Match des anciens : une tradition fédératrice

ÉVÉNEMENT RUGBY – Samedi 25 novembre, le LSD a assisté au traditionnel match des Rugboeufs contre les anciens : “Une génération entière que ignora pendant longtemps le sens du mot défaite”.

Plantons le décor
L’événement se déroule sur l’équivalent du court central de Roland Garros sur le campus pessacais, le terrain d’honneur du BEC.  Grand événement, grands moyens,  pom poms dans les tribunes, ambiancées au rythme de notre belle banda. Et bien sûr, votre cher LSD est là pour couvrir  ce  moment  très spor. Trois équipes masculines vont s’affronter, les anciens (les vrais, la quarantaine passée, la cinquantaine même pour une bonne partie, calvities et ventres bedonnants répondant présent à l’appel), les jeunes anciens (ceux-là sont déjà plus rugueux, plus rugboeufs, moins rouillés, la plupart sont diplômes depuis à peine quelques années, leurs bides restant à peine naissants), et logiquement les jeunes, nos très estimés camarades. Beaucoup de lumières réunies dans un franc esprit de bonne camaraderie.

Présence de la Banda et des Pompoms pour un tel événement !!

 

 

Une figure majeure de notre IEP, ainsi que du Crit, que nos malheureux 1A n’ont pu connaître, Joel Monlezun, également surnommé “papa Monleu”, est également présente.

Trois matchs auront lieu … en théorie. 
Le premier, rugboeufs contre les anciens. Le ventre les ralentissant, l’arthrose limitant leurs gestes, ils sont un peu à la ramasse, malgré des actions de bravoure à souligner, des transfuges de jeunes pour gonfler leurs effectifs rétablissent un peu la balance. Mais on ne va pa se mentir, ils sont bien plus là pour se retrouver entres potes que pour jouer la gagne. Les anciens devaient potentiellement jouer un deuxième match, mais l’appel des pintes et de la table réservée au restaurant du BEC est trop fort. Les voilà qui désertent déjà les terrains.

Le deuxième et finalement dernier match, rugboeufs contre jeunes anciens, est plus physique, bien plus solides aux contacts, nous avons ici à faire à la génération dorée du rugby rugboeufois, cette génération quasi-légendaire qui monopolisa pendant 5 ans la victoire au Crit. Cinq ans sans lâcher le Brannus, ni aux toulousains, ni aux grenoblois et encore moins à ces nordiques de parisiens. Une génération entière que ignora pendant lontemps le sens du mot défaite, trouvant même son apogée en ¼ de finale du championnat de France des Grandes Ecoles à Paris il y a maintenant 2 ans.
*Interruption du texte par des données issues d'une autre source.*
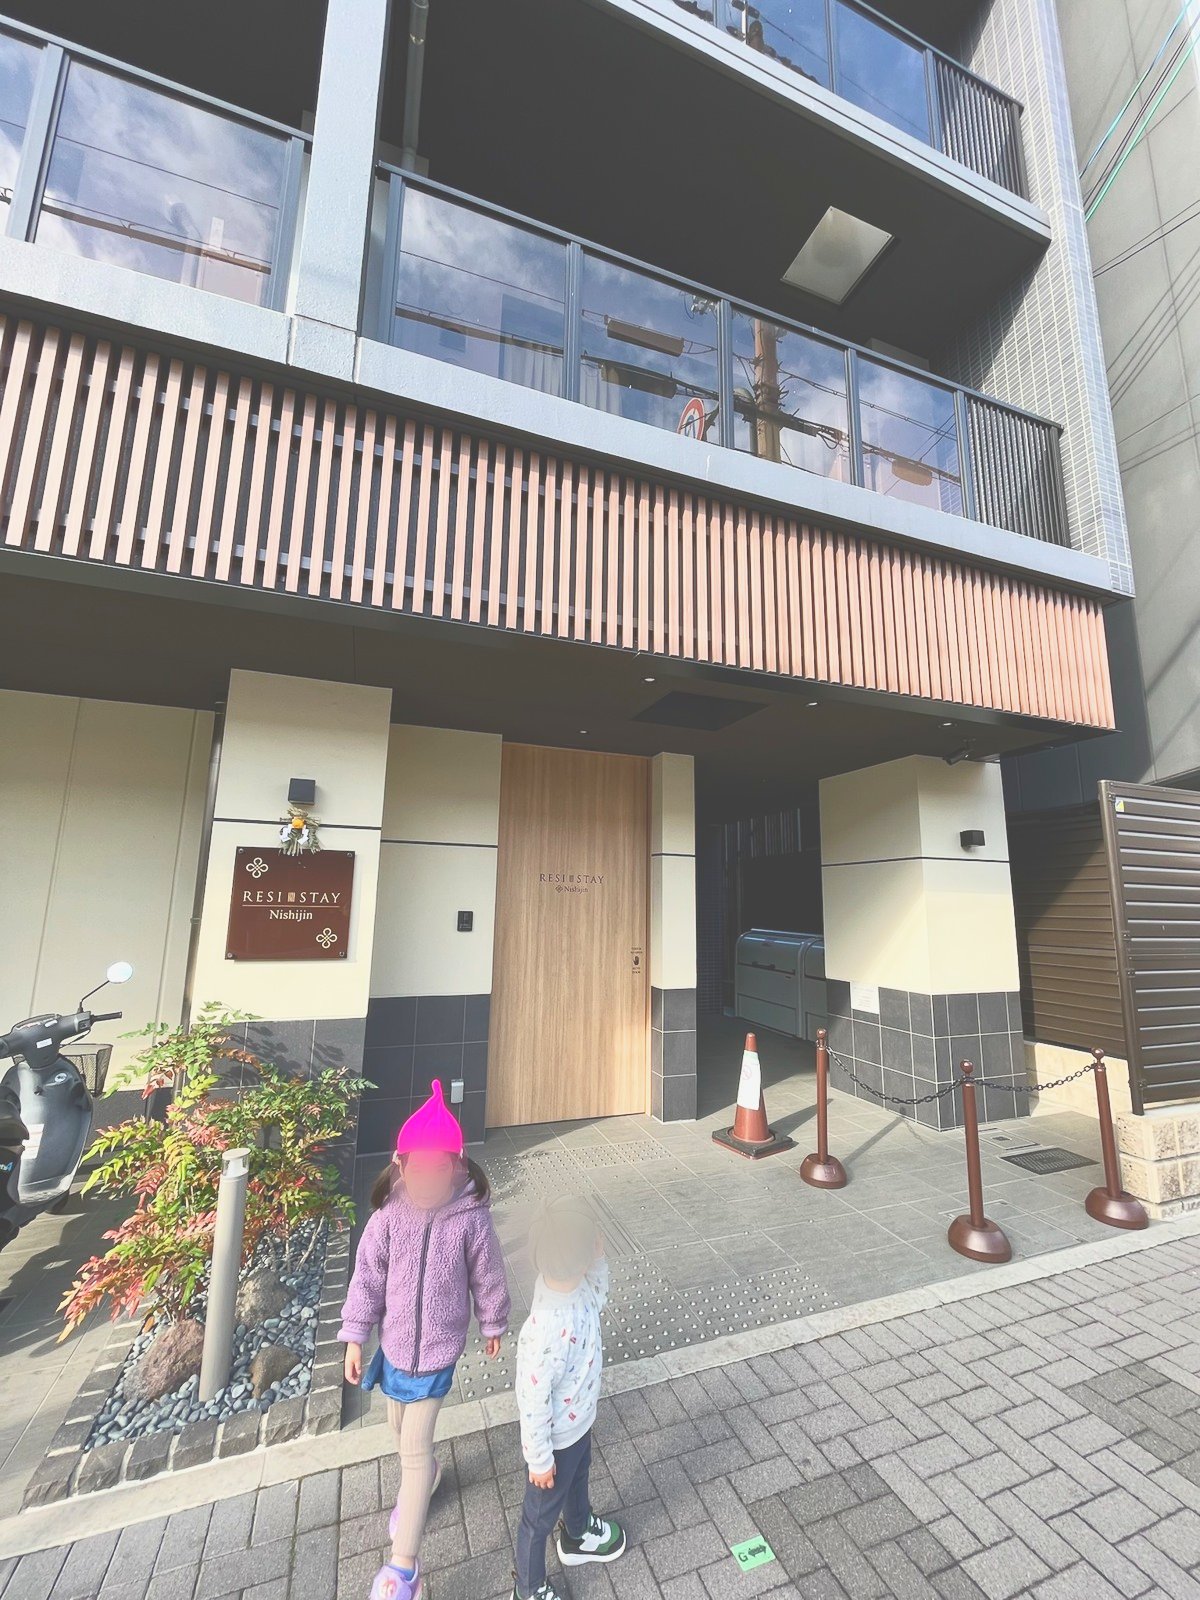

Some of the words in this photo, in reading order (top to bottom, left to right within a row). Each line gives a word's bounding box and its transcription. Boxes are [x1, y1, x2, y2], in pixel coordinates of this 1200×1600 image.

[539, 873, 565, 883] RESI
[576, 874, 604, 884] STAY
[243, 890, 282, 903] RESI
[299, 891, 341, 904] STAY
[269, 909, 313, 922] Nishijin
[738, 1552, 749, 1562] G
Du vieux Pâté et de la nouvelle Saucisse


A défaut d’anciennes spécialemment venues pour l’occasion, les MPMS ont pu compter sur leurs 492739 nouvelles recrues pour organiser un match interne. « Joueuses déjà aguéries » VS « MPMS toutes fraîches » pour résumer. Bon, forcément la différence d’expérience a parlé et les aînées se sont logiquement imposées. Mais à en croire les mots des capitaines, les nouvelles regorgent de talent et pourraient bien à l’avenir dépasser les anciennes. Car comme chacun sait, in fine, l’élève dépasse toujours le maitre (surtout Yoda, on y revient). Un grand cru donc, du potentiel mais surtout beaucoup de bonheur de pouvoir se mesurer entre elles et particper à cette grande fête rugbynistique (adjectif autorisé par l’académie Française depuis le 3 avril 1977).

 

La remise des prix
Prix du meilleur marqueur, Jean-Kev, prix du meilleur joueur, Sydney. Monopole des anciens donc. Le temps des discours arrive aussi, François (un vieux de la vieille, génération fondatrice du Crit), nous rappelle combien il est important de ne pas oublier que ce n’est pas Paris, mais nous, Bordelais, qui avons créé le Crit, et qu’il faut en être fier, il arrive même à citer Pierre de Coubertin dans son speech.

La journée se poursuit par un copieux repas où l’alcool est payé par les anciens, qui se fera suivre d’un Milton. Mais le LSD n’a pas pu s’introduire plus loin, la 3ème mi-temps gardera ses secrets.